Orthogonal gamma-based expansion for the CIR's first passage time distribution
Elvira Di Nardo, Giuseppe D'Onofrio, Tommaso Martini
TL;DR
This work tackles the CIR first-passage time problem by building a Laguerre–Gamma orthogonal expansion that approximates the FPT density $g(t)$ and distribution $G(t)$. It analyzes truncation errors, selects gamma parameters via moment matching, and introduces standardization and positivity-correction strategies to maintain valid densities. It also proposes an acceptance–rejection–type algorithm that uses the approximation to generate FPT samples when the true distribution is unknown, and it compares the approach with Volterra integral equations and Monte Carlo, highlighting strengths and limitations.
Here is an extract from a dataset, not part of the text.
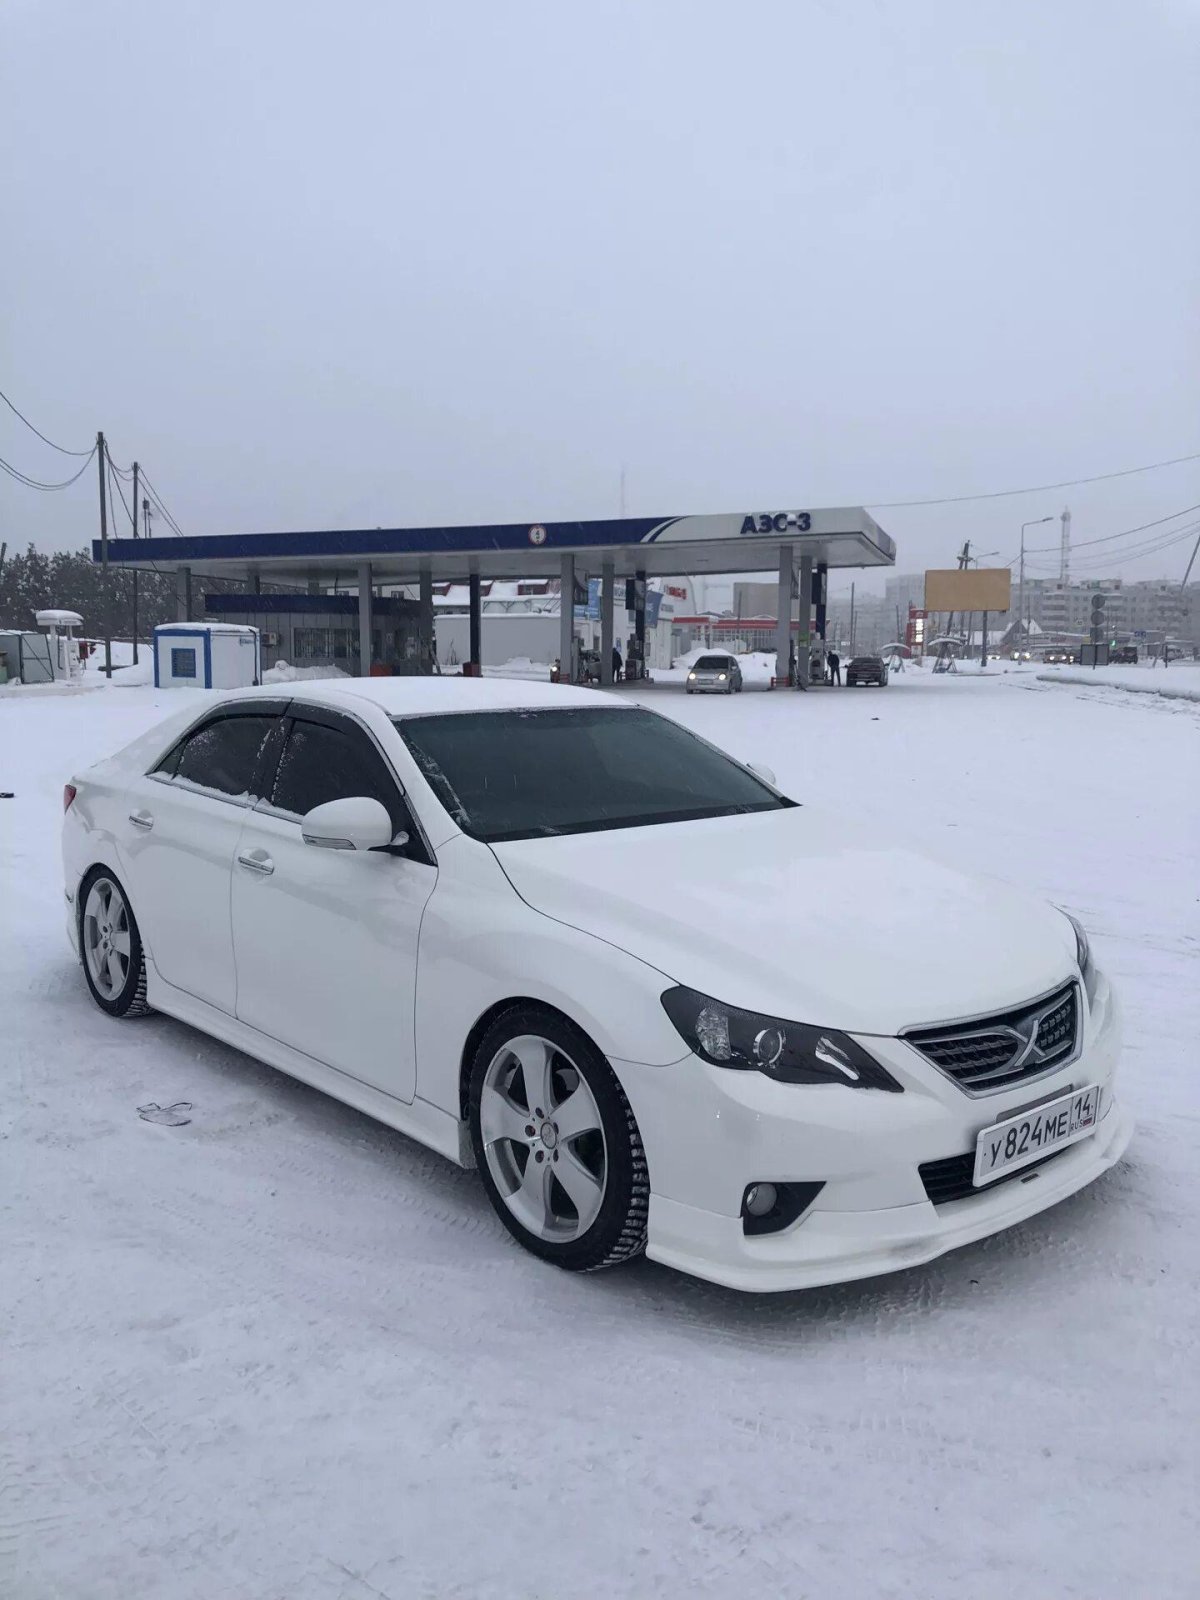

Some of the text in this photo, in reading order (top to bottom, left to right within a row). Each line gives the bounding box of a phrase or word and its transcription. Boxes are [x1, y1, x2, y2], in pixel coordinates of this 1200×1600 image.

The methodology extends to other diffusions by relying on moment-derived reference densities and offers practical tools for density estimation and simulation of FPTs.
Abstract
In this paper we analyze a method for approximating the first-passage time density and the corresponding distribution function for a CIR process. This approximation is obtained by truncating a series expansion involving the generalized Laguerre polynomials and the gamma probability density. The suggested approach involves a number of numerical issues which depend strongly on the coefficient of variation of the first passage time random variable. These issues are examined and solutions are proposed also involving the first passage time distribution function. Numerical results and comparisons with alternative approximation methods show the strengths and weaknesses of the proposed method. A general acceptance-rejection-like procedure, that makes use of the approximation, is presented. It allows the generation of first passage time data, even if its distribution is unknown.